The other day, my friend and I were discussing a simple betting strategy in roulette that would tilt the odds in the bettor's favor. (Empirically, it did well for me in the casino, but I know that luck is luck, and Vegas wasn't built on winners.)
The strategy basically comes down to this: on each roll of the wheel, I have a 2/3 chance of winning a profit, and a 1/3 chance of losing my bet (this is ignoring the "0" and "00" outcomes).
So, we spoke about where I'd put the bets. The chance of my bet falling on a losing position twice in a row is $\frac{1}{3} \cdot \frac{1}{3} = \frac{1}{9}$; in general, the chance of my bet falling on a losing position $n$ times in a row is $p=(\frac {1}{3} )^ n$. Thus, the probability of the wheel falling on a losing position 5 times is $p=(\frac {1}{3} )^ 5 = \frac {1}{243}$ which is roughly 0.41%. At least, this is what every undergraduate probably text (that I've read) says by using examples of a coin toss.

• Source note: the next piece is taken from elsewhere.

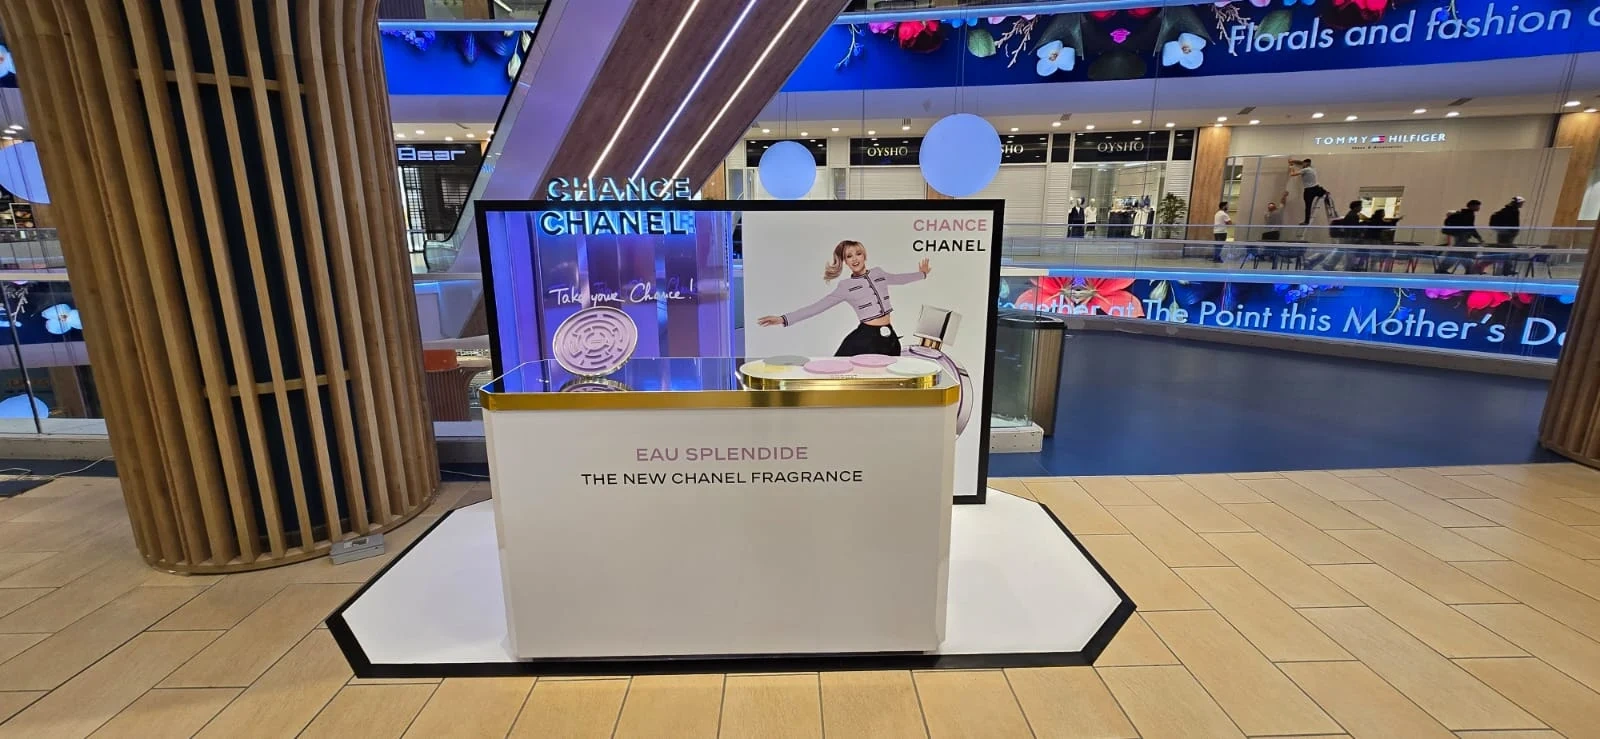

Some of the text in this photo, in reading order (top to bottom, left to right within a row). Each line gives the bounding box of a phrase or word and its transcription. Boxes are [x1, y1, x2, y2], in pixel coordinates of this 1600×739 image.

Now, suppose I actually go to the table, and make some bets. Placing a consistent bet, I lose the first roll; the lose the second, and then the third, and then the fourth. What are my chances losing the next hand? Since each roll is independent, the probability should be $\frac {1}{3}$- or should I be taking into consideration the conditional probability? Previously, we calculated that the probability I'd lose all 5 rolls is $\frac{1}{81}$ of $\frac {1}{3}$!
You can probably now understand my frustration. Which is it? How do I reconcile these calculations together?
Pardon me if I'm missing something very obvious.
The conditional probability of $A$ occuring given that $B$ occurs is defined as $P(A|B) = \frac{P(A\cap B)}{P(B)}$.
In your example, let $A$ represent the event that you lose all five games, and $B$ represent that you lost the first four (possibly winning fifth and possibly losing fifth).
Since for you to lose five in a row, you must have lost at least the first four in a row, you see that in this specific case $A\cap B = A$. (note, this is not true in most general cases but happens to be true for this scenario)
So, $P(A|B) = \frac{P(A\cap B)}{P(B)} = \frac{P(A)}{P(B)} = \frac{1/3^5}{1/3^4} = \frac{1}{3}$
Your value of $\frac{1}{81}$ of $\frac{1}{3}$ was indeed the chance of losing all five, however that was with absolutely no restriction on the outcomes of the first four games. Once you know what the outcomes were, you should use the definition of conditional probability as written above.